The Korean artist Nam June Paik was among the first to foresee the importance of mass media and new technologies, coining the phrase ‘electronic superhighway’. Sook-Kyung Lee is co-curating a global tour of his work, starting at Tate Modern.
A new play, Museum in Baghdad, brings together the stories of its British founder Gertrude Bell in 1926 with Ghalia Hussein’s attempts to reopen it in 2006 after looting during the war. The RSC director Erica Whyman says the play questions the role of culture in helping to create a nation.
And the writer John Burnside turns to the poets of the 20th century to give voice to an alternative cultural history of the time. He draws on the work of poets, both renowned and unjustly obscure, to give shape and meaning to the world.
Producer: Katy Hickman
Picture credit: Tate
Fatima Bhutto is a writer whose books include The Shadow of the Crescent Moon and Songs of Blood and Sword.
New Kings of the World: Dispatches from Bollywood, Dizi and K-Pop is published by Columbia Global Reports.
Fatima will speak at Southbank Centre's London Literature Festival on 21 October.
Sook-Kyung Lee is Senior Curator, International Art (Hyundai Tate Research Centre: Transnational) at Tate Modern.

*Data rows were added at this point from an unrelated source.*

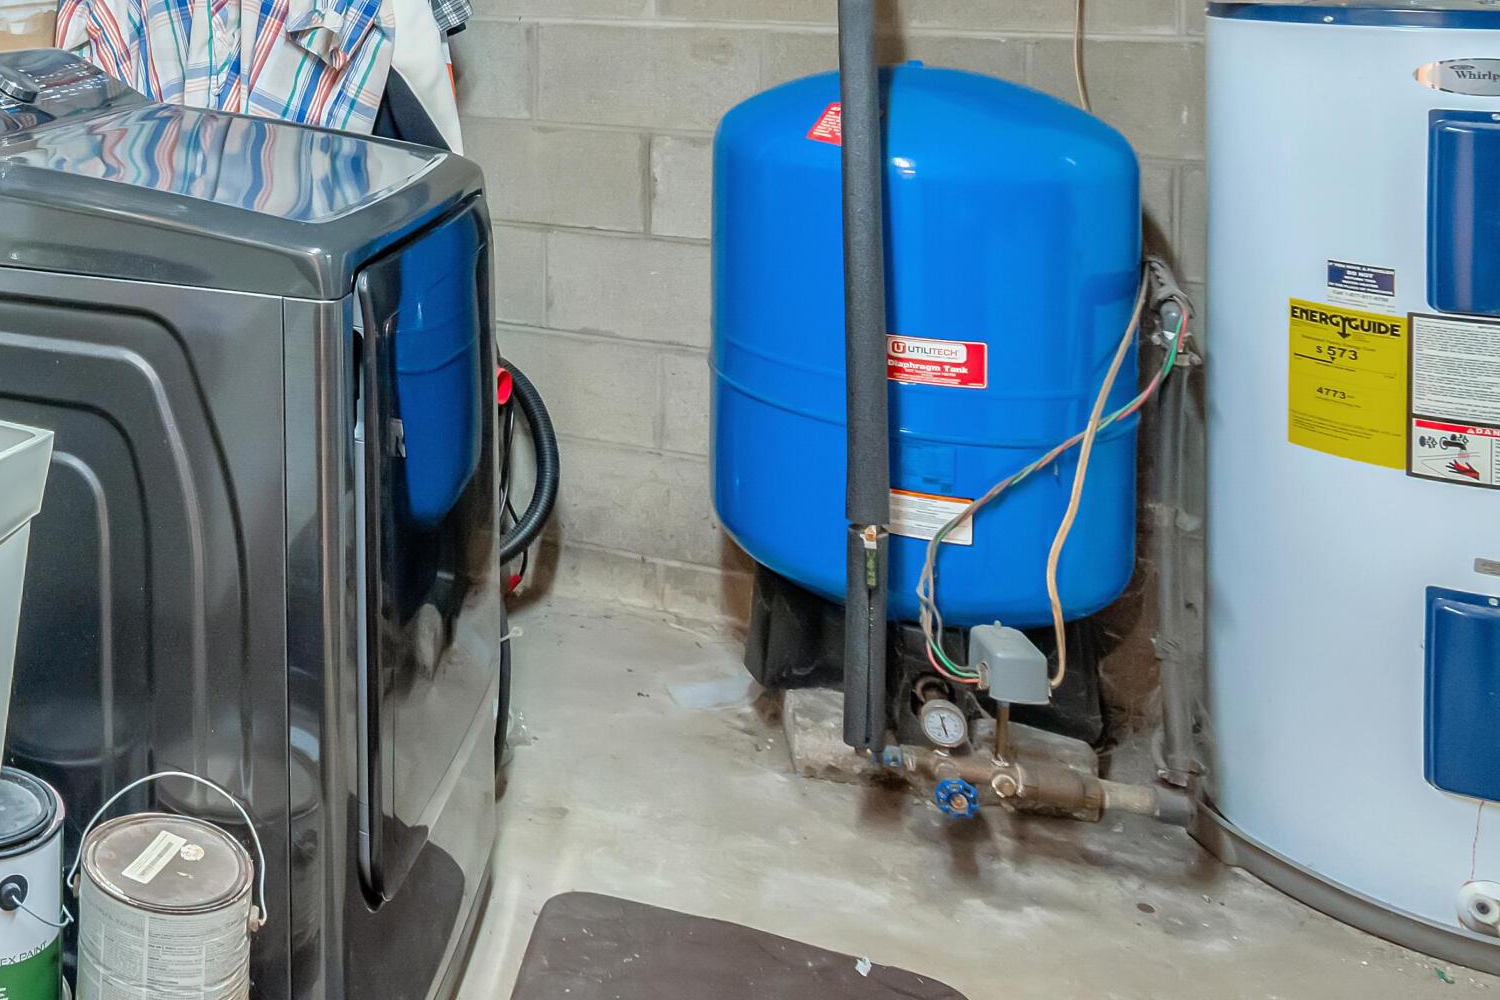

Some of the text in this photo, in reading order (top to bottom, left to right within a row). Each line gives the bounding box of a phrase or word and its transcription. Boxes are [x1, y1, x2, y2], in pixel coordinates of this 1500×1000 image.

[1290, 305, 1401, 338] ENERGYGUIDE
[907, 345, 958, 357] UTILITECH
[1327, 345, 1358, 361] 573
[887, 359, 941, 372] Diaphragm
[943, 364, 969, 374] Tank
[1316, 386, 1347, 400] 4773
[19, 940, 48, 963] PAINT

Nam June Paik opens at Tate Modern on 17 October.
John Burnside is a poet, novelist and Professor of English at the University of St Andrews.
The Music of Time: Poetry in the Twentieth Century is published by Profile Books.
Erica Whyman OBE is Deputy Artistic Director of the Royal Shakespeare Company.
A Museum in Baghdad, directed by Erica Whyman, is on at the RSC in Stratford until January.